At the end of 1958, the Czechoslovak Television (ČST) submitted to the Prague Planning Commission a proposal for the construction of a television complex in Kavčí hory, the investment task of building this area was approved by the Czechoslovak government in February 1960. The idea of building a new television workplace was born from need for a technological separation of television and film production from broadcasting itself and need for specifically equipped technological environment.

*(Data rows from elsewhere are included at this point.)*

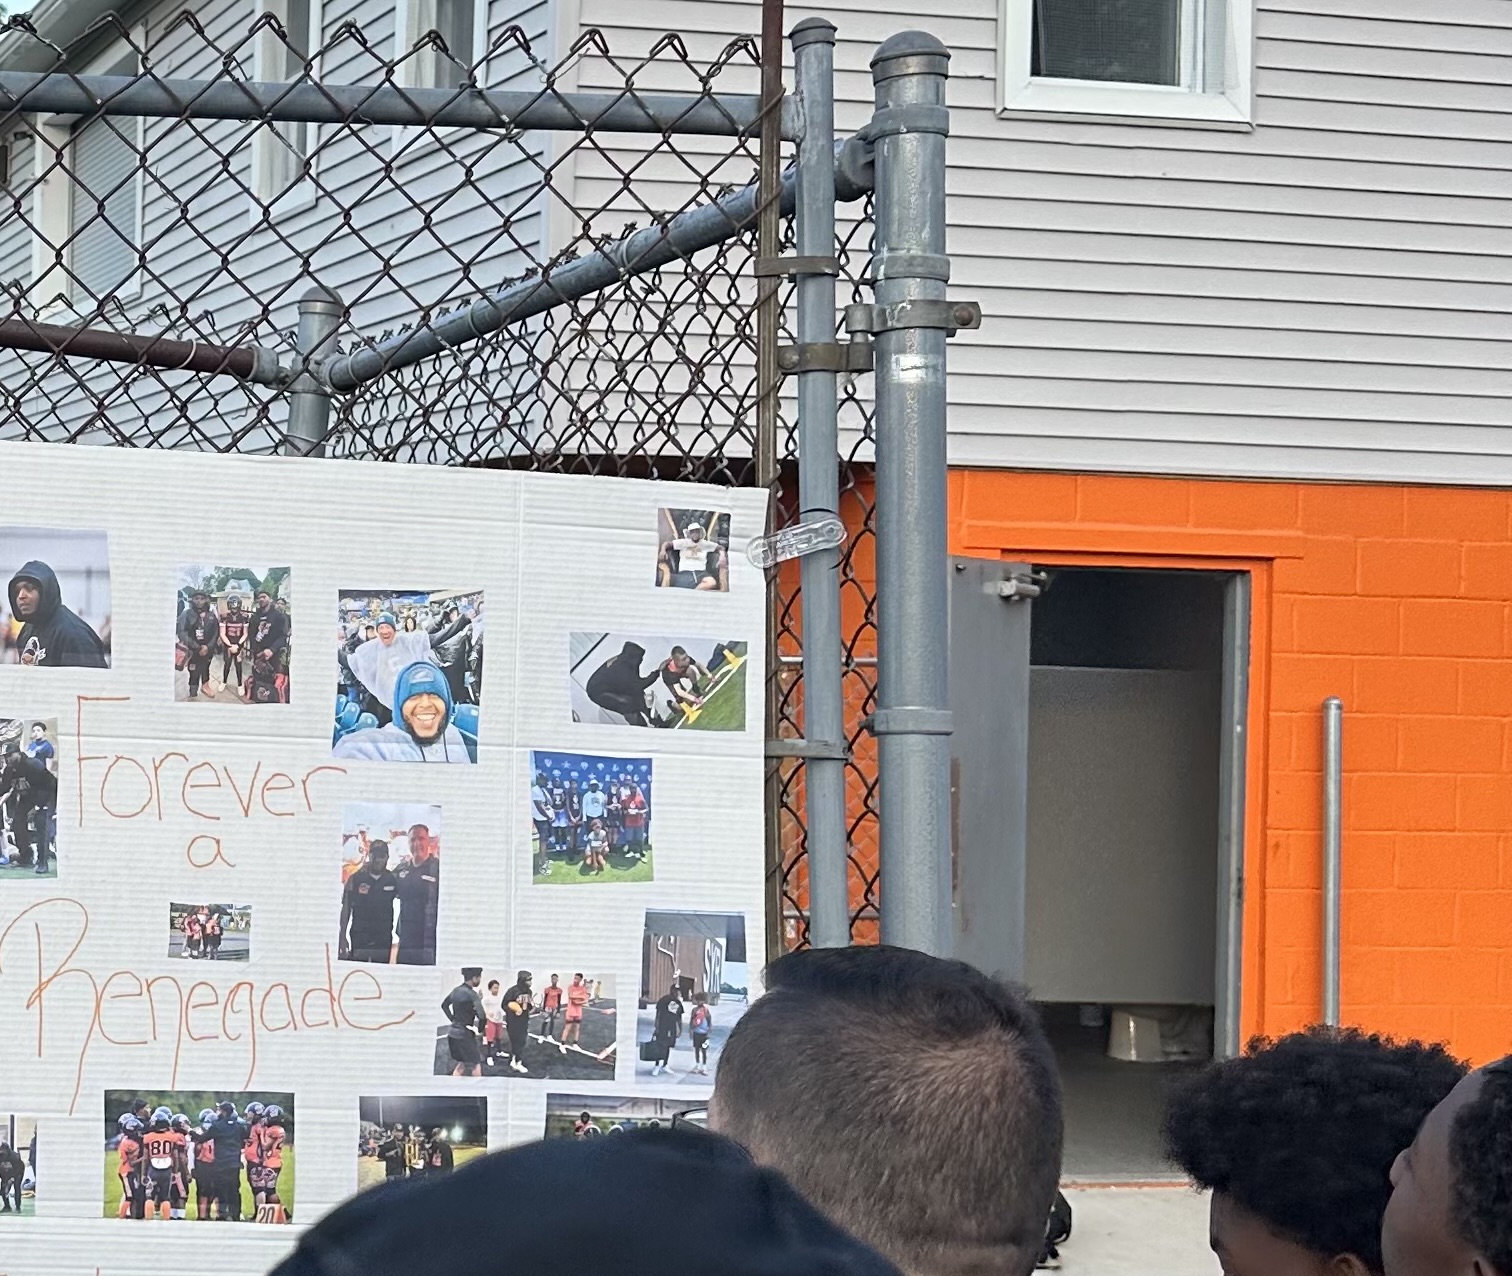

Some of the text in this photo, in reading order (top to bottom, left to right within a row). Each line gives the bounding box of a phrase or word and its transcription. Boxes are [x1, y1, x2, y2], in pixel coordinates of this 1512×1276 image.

[77, 695, 347, 827] Forever
[187, 834, 236, 868] a
[151, 1139, 173, 1156] 80
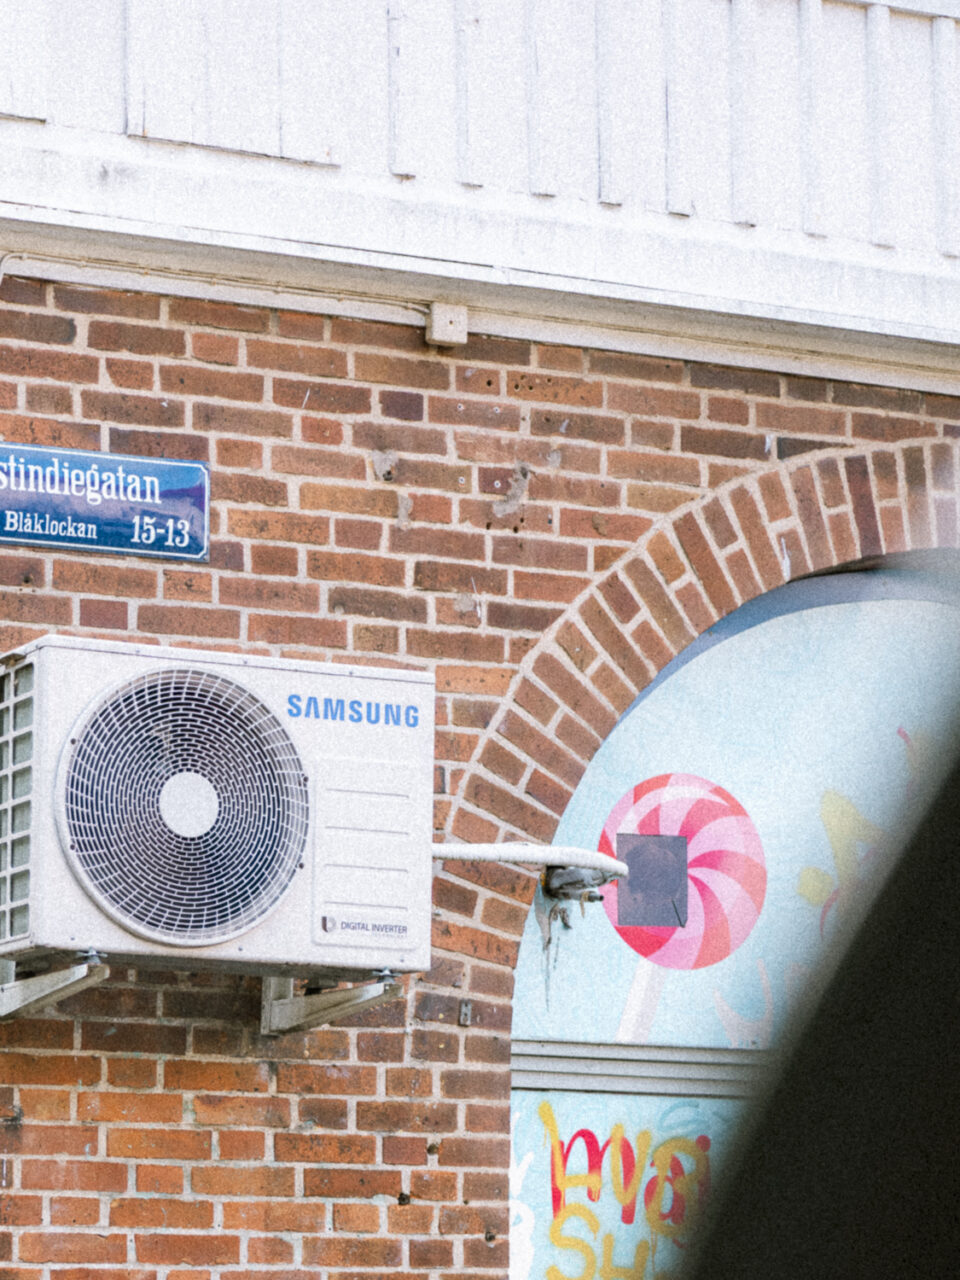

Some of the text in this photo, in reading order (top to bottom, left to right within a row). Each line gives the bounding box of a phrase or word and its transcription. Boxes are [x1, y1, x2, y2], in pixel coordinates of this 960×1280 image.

[3, 510, 98, 541] Blåklockan
[130, 514, 192, 548] 15-13
[287, 693, 420, 729] SAMSUNG
[341, 921, 408, 935] DIGITAL INVERTER

In March 1962, the project of the group of architect František Šmolík from the Office of the Chief Architect of Prague was chosen. The construction of the area in Kavčí Hory began on 1 July 1962. The general contractor was Konstruktiva company. However the construction work was stopped in January 1963 by decision of state authorities because other buildings were prioritized. During the summer of 1963, the plenum of the Central Committee of the Communist Party of Czechoslovakia decided that the construction of the area on the Kavčí Hory should continue in 1965,

In October 1970, the first part of Prague's Television Center Kavčí hory with two studios started running. In 1971, the federal government included the completion of the complex on the Kavčí hory among the mandatory investment tasks, while 2,000 m^{2} of studio space was to be handed over by the end of 1975. In May 1973, a color check-in complex was put into operation on Kavčí hory, and regular color broadcasts on II. program. In 1975, the construction of the Television Newspaper Building was started and during 1976 the second block with three studios and other spaces was completed. Construction of the computer center began in 1977. A separate Television Newspaper Building with three news complexes was put into operation during the first half of 1979, and in the following year a music studio was opened in Kavčí hory. This completed the main area of the TV complex on the Kavčí Hory.

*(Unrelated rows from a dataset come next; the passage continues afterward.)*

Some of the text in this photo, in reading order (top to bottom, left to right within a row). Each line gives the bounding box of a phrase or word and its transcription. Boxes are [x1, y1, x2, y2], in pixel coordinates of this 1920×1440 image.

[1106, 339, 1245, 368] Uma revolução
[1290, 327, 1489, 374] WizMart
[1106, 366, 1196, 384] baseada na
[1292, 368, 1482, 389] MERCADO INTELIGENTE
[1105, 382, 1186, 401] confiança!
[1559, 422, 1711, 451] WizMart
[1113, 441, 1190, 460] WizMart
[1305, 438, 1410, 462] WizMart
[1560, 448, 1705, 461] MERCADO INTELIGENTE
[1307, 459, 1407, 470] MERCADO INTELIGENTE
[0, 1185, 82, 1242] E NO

Current general manager of Czech Television is Jan Souček, who was elected for a six-year term by the Czech Television Council (Rada České televize). Souček has courted controversy in his tenure given his attack on free media and his attacks on employees of Czech Television. Souček compared himself to Milada Horáková after strong criticism of his managerial skills from Czech Television Council. Souček later commented that it was silly from him. In an interview on 5. 9. 2023‌ Souček, as the incoming director general, stated: "I am constantly asking for money. A press conference of the Ministry of Culture has been announced for Tuesday, where the ministerial commission should reveal how it envisions the reform of financing public service media. According to my information, our call will be heard for the most part." During his tenure, Souček constantly asks for more money from the public fees, however it seems that he is not able to use money economically while blacking out financial documents to hide it from the public.